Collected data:
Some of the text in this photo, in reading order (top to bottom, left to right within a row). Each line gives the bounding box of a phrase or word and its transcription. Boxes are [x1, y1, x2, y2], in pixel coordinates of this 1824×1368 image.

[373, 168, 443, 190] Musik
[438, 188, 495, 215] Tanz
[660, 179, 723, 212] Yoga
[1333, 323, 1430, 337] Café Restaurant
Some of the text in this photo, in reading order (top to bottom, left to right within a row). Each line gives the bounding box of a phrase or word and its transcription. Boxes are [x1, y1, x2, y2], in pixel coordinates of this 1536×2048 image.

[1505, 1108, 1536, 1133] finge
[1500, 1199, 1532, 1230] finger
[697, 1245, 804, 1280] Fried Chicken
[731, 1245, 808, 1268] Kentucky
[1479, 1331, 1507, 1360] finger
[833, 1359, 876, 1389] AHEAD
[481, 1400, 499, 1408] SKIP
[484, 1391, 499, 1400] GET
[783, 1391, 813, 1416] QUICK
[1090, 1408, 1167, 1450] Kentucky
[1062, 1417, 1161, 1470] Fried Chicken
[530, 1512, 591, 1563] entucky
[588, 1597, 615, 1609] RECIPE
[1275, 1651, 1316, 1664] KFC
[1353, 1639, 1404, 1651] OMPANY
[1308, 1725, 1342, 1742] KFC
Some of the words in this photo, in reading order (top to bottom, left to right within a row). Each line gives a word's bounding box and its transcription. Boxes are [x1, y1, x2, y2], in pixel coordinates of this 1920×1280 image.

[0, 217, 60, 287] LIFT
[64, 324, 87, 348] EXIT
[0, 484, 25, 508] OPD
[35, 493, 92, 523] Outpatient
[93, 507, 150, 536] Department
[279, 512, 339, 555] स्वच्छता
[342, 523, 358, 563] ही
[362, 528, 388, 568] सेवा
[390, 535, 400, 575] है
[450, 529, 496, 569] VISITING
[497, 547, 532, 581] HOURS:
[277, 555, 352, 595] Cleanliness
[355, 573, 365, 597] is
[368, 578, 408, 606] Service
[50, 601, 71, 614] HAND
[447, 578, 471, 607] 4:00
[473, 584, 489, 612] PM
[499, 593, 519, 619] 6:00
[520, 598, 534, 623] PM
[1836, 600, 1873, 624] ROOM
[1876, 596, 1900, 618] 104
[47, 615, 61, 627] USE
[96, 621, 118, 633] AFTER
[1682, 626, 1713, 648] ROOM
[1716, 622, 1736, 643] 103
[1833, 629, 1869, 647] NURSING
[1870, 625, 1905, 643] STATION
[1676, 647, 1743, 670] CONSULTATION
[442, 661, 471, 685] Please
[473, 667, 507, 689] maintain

Exercise details:
Starting at the line that contains "Some of the words", restate word for word every line through the last one in the records above. Return nothing else.

Result:
Some of the words in this photo, in reading order (top to bottom, left to right within a row). Each line gives a word's bounding box and its transcription. Boxes are [x1, y1, x2, y2], in pixel coordinates of this 1920×1280 image.

[0, 217, 60, 287] LIFT
[64, 324, 87, 348] EXIT
[0, 484, 25, 508] OPD
[35, 493, 92, 523] Outpatient
[93, 507, 150, 536] Department
[279, 512, 339, 555] स्वच्छता
[342, 523, 358, 563] ही
[362, 528, 388, 568] सेवा
[390, 535, 400, 575] है
[450, 529, 496, 569] VISITING
[497, 547, 532, 581] HOURS:
[277, 555, 352, 595] Cleanliness
[355, 573, 365, 597] is
[368, 578, 408, 606] Service
[50, 601, 71, 614] HAND
[447, 578, 471, 607] 4:00
[473, 584, 489, 612] PM
[499, 593, 519, 619] 6:00
[520, 598, 534, 623] PM
[1836, 600, 1873, 624] ROOM
[1876, 596, 1900, 618] 104
[47, 615, 61, 627] USE
[96, 621, 118, 633] AFTER
[1682, 626, 1713, 648] ROOM
[1716, 622, 1736, 643] 103
[1833, 629, 1869, 647] NURSING
[1870, 625, 1905, 643] STATION
[1676, 647, 1743, 670] CONSULTATION
[442, 661, 471, 685] Please
[473, 667, 507, 689] maintain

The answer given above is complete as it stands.